(Records from a data collection)
======
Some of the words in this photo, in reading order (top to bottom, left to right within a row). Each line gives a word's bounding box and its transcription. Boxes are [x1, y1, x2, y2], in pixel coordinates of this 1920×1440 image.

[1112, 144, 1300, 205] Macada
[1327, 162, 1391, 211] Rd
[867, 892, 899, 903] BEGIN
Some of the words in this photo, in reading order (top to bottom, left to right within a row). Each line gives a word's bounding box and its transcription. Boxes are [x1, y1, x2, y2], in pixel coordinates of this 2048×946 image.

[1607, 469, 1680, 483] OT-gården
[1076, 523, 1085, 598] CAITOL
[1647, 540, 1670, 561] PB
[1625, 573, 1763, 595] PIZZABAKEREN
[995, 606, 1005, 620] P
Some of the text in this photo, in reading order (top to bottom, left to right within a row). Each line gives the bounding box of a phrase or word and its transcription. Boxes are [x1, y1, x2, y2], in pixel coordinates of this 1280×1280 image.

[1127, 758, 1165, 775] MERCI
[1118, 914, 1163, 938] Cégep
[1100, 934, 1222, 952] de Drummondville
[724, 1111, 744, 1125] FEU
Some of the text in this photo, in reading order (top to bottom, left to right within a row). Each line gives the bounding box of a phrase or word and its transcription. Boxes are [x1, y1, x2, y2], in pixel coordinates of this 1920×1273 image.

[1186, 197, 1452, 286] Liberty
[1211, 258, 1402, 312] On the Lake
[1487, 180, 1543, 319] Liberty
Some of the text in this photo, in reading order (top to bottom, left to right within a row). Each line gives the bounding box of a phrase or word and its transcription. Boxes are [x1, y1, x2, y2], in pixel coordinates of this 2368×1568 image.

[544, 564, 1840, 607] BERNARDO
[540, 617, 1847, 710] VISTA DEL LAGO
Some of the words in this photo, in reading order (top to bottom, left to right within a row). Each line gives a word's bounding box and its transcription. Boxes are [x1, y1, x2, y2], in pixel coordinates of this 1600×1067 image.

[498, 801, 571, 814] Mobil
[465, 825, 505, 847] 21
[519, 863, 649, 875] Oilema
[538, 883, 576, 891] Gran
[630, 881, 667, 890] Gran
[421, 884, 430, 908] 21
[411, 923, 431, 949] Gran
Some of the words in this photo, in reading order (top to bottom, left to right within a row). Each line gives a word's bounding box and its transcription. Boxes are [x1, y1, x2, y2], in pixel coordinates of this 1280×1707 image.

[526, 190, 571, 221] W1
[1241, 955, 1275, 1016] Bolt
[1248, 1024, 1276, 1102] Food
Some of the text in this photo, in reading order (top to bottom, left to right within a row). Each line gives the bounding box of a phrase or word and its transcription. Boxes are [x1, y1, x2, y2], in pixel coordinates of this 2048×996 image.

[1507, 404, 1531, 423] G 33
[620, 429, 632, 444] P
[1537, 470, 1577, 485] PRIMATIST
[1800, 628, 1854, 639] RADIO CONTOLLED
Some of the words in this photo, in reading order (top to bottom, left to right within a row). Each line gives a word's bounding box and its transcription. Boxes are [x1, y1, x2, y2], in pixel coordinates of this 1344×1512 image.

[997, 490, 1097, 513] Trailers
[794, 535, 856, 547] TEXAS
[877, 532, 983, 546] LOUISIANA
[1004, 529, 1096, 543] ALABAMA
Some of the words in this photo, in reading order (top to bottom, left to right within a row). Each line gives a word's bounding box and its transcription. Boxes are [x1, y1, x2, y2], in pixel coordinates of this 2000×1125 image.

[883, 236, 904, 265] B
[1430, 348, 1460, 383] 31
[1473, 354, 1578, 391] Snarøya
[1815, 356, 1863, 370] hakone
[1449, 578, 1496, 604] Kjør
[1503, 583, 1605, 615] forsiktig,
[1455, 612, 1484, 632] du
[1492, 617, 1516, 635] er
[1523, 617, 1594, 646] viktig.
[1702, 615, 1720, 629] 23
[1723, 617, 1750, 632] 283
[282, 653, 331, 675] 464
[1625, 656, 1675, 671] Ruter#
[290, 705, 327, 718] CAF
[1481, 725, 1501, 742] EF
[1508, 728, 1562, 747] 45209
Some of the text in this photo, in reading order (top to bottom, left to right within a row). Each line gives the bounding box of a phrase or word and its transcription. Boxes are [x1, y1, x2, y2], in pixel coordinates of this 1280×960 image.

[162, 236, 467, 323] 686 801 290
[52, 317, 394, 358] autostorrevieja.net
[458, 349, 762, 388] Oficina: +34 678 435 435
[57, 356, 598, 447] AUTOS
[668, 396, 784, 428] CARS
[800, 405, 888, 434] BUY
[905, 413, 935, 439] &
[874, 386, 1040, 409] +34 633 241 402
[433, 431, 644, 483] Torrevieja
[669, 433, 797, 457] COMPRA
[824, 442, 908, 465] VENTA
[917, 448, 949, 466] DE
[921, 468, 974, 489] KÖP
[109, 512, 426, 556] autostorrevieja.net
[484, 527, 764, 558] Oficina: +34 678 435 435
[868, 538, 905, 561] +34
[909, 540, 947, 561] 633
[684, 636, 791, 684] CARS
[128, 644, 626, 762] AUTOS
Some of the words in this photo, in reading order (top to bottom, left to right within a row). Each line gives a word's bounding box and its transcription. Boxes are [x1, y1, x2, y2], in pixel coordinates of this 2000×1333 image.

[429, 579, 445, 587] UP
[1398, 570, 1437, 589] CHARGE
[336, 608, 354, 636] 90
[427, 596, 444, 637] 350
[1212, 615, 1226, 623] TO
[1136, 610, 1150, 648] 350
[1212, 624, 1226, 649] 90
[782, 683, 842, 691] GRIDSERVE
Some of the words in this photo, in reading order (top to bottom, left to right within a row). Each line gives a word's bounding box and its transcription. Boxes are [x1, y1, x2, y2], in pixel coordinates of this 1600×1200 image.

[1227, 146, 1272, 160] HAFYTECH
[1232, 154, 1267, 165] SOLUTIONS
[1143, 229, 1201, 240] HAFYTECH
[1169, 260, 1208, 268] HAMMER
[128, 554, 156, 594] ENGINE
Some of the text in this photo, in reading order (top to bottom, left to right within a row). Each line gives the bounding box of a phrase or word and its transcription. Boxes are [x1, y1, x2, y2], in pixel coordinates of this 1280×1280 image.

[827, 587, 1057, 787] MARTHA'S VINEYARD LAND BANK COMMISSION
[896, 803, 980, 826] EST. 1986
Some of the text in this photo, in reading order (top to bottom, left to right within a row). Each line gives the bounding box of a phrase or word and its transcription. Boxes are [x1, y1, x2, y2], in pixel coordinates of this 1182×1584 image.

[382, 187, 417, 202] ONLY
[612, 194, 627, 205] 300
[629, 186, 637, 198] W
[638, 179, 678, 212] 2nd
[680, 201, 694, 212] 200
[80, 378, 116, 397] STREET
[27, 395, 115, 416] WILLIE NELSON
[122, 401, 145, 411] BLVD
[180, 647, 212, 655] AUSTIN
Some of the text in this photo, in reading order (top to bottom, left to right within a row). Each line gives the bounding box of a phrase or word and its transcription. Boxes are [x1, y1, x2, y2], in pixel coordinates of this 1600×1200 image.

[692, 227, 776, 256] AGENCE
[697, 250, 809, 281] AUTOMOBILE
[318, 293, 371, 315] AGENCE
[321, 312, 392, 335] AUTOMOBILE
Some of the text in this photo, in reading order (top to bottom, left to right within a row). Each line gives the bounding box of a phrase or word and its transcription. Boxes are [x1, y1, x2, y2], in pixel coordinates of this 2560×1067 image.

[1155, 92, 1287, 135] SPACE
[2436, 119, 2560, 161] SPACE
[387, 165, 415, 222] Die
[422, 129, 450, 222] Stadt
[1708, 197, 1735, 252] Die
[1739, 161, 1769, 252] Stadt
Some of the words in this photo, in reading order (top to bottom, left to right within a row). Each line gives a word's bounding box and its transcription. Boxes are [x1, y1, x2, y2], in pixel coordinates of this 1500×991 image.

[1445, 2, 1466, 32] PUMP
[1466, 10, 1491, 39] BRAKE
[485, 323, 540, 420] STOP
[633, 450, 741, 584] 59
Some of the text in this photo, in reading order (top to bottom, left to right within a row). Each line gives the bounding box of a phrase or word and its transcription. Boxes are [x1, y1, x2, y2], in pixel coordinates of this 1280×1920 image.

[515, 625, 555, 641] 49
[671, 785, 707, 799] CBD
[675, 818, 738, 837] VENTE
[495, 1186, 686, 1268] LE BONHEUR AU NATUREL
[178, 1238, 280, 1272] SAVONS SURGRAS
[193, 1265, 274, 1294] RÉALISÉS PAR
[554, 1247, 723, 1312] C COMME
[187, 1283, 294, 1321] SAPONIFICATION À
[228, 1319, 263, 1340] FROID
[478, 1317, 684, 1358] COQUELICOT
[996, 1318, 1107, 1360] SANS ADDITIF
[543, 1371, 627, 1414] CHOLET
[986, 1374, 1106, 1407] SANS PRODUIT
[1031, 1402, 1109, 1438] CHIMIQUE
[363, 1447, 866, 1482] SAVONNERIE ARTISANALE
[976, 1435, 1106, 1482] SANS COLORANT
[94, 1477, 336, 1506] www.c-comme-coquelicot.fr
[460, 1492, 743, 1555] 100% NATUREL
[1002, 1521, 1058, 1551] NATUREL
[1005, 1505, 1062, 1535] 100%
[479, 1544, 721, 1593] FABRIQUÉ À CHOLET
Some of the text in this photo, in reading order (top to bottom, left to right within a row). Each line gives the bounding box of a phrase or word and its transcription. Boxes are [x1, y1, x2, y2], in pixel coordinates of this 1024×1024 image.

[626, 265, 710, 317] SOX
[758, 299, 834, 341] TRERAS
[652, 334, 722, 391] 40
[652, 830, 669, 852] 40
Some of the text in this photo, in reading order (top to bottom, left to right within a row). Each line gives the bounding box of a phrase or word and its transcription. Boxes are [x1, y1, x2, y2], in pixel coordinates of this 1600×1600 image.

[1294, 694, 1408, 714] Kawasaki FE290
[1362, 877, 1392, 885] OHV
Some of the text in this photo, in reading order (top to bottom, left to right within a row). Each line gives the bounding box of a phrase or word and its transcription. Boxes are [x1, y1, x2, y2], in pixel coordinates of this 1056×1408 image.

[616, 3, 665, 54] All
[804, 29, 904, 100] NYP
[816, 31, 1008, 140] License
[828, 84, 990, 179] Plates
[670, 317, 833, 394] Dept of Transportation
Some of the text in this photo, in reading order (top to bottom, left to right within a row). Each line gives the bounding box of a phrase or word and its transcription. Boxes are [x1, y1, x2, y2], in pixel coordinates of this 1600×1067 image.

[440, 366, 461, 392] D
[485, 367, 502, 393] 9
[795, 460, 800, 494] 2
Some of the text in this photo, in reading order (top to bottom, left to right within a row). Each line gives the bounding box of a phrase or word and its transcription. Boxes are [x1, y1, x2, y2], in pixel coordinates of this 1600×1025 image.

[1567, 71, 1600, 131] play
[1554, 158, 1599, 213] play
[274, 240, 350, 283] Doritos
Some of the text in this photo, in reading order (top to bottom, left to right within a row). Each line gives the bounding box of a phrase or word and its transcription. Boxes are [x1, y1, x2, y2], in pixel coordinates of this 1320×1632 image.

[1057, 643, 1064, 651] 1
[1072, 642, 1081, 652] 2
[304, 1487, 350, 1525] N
======
_PROBLEM STATEMENT_: Set down each line from the line containing "this 1600×1025 image." through the final line of the data, exactly and with nothing added.

_ANSWER TO THIS EXERCISE_:
Some of the text in this photo, in reading order (top to bottom, left to right within a row). Each line gives the bounding box of a phrase or word and its transcription. Boxes are [x1, y1, x2, y2], in pixel coordinates of this 1600×1025 image.

[1567, 71, 1600, 131] play
[1554, 158, 1599, 213] play
[274, 240, 350, 283] Doritos
Some of the text in this photo, in reading order (top to bottom, left to right within a row). Each line gives the bounding box of a phrase or word and its transcription. Boxes are [x1, y1, x2, y2], in pixel coordinates of this 1320×1632 image.

[1057, 643, 1064, 651] 1
[1072, 642, 1081, 652] 2
[304, 1487, 350, 1525] N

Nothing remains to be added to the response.